YOUR OBJECTIVE - Retype the data in its entirety, with no word changed.

RECORD EXTRACTS -
==*==
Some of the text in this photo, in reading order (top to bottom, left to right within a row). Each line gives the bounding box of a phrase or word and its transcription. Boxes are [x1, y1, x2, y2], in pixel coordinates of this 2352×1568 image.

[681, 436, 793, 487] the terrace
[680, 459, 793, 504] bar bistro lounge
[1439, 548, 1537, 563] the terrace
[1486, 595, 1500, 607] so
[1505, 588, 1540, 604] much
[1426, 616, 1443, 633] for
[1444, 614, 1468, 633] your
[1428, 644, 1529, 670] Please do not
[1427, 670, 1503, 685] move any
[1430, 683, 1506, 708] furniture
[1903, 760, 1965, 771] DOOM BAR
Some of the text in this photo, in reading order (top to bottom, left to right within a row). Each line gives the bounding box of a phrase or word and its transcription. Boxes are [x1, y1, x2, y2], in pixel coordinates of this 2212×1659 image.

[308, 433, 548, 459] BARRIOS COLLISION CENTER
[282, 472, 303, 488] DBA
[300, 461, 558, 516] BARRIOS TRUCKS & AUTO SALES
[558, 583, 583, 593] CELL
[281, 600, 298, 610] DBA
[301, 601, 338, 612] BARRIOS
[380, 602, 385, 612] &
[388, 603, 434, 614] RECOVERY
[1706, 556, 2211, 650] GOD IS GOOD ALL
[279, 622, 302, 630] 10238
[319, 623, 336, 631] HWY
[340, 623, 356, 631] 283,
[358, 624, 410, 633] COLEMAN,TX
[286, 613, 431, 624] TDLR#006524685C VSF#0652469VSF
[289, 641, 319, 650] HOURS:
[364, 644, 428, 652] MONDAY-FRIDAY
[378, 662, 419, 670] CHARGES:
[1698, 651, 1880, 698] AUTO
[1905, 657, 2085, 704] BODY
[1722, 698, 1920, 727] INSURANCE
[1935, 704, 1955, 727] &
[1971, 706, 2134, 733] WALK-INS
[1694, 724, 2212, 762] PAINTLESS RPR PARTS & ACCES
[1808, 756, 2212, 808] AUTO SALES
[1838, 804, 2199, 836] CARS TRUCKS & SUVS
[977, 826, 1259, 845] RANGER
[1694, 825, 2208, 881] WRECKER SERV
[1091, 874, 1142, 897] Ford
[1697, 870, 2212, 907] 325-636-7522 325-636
==*==
RESULT -
Some of the text in this photo, in reading order (top to bottom, left to right within a row). Each line gives the bounding box of a phrase or word and its transcription. Boxes are [x1, y1, x2, y2], in pixel coordinates of this 2352×1568 image.

[681, 436, 793, 487] the terrace
[680, 459, 793, 504] bar bistro lounge
[1439, 548, 1537, 563] the terrace
[1486, 595, 1500, 607] so
[1505, 588, 1540, 604] much
[1426, 616, 1443, 633] for
[1444, 614, 1468, 633] your
[1428, 644, 1529, 670] Please do not
[1427, 670, 1503, 685] move any
[1430, 683, 1506, 708] furniture
[1903, 760, 1965, 771] DOOM BAR
Some of the text in this photo, in reading order (top to bottom, left to right within a row). Each line gives the bounding box of a phrase or word and its transcription. Boxes are [x1, y1, x2, y2], in pixel coordinates of this 2212×1659 image.

[308, 433, 548, 459] BARRIOS COLLISION CENTER
[282, 472, 303, 488] DBA
[300, 461, 558, 516] BARRIOS TRUCKS & AUTO SALES
[558, 583, 583, 593] CELL
[281, 600, 298, 610] DBA
[301, 601, 338, 612] BARRIOS
[380, 602, 385, 612] &
[388, 603, 434, 614] RECOVERY
[1706, 556, 2211, 650] GOD IS GOOD ALL
[279, 622, 302, 630] 10238
[319, 623, 336, 631] HWY
[340, 623, 356, 631] 283,
[358, 624, 410, 633] COLEMAN,TX
[286, 613, 431, 624] TDLR#006524685C VSF#0652469VSF
[289, 641, 319, 650] HOURS:
[364, 644, 428, 652] MONDAY-FRIDAY
[378, 662, 419, 670] CHARGES:
[1698, 651, 1880, 698] AUTO
[1905, 657, 2085, 704] BODY
[1722, 698, 1920, 727] INSURANCE
[1935, 704, 1955, 727] &
[1971, 706, 2134, 733] WALK-INS
[1694, 724, 2212, 762] PAINTLESS RPR PARTS & ACCES
[1808, 756, 2212, 808] AUTO SALES
[1838, 804, 2199, 836] CARS TRUCKS & SUVS
[977, 826, 1259, 845] RANGER
[1694, 825, 2208, 881] WRECKER SERV
[1091, 874, 1142, 897] Ford
[1697, 870, 2212, 907] 325-636-7522 325-636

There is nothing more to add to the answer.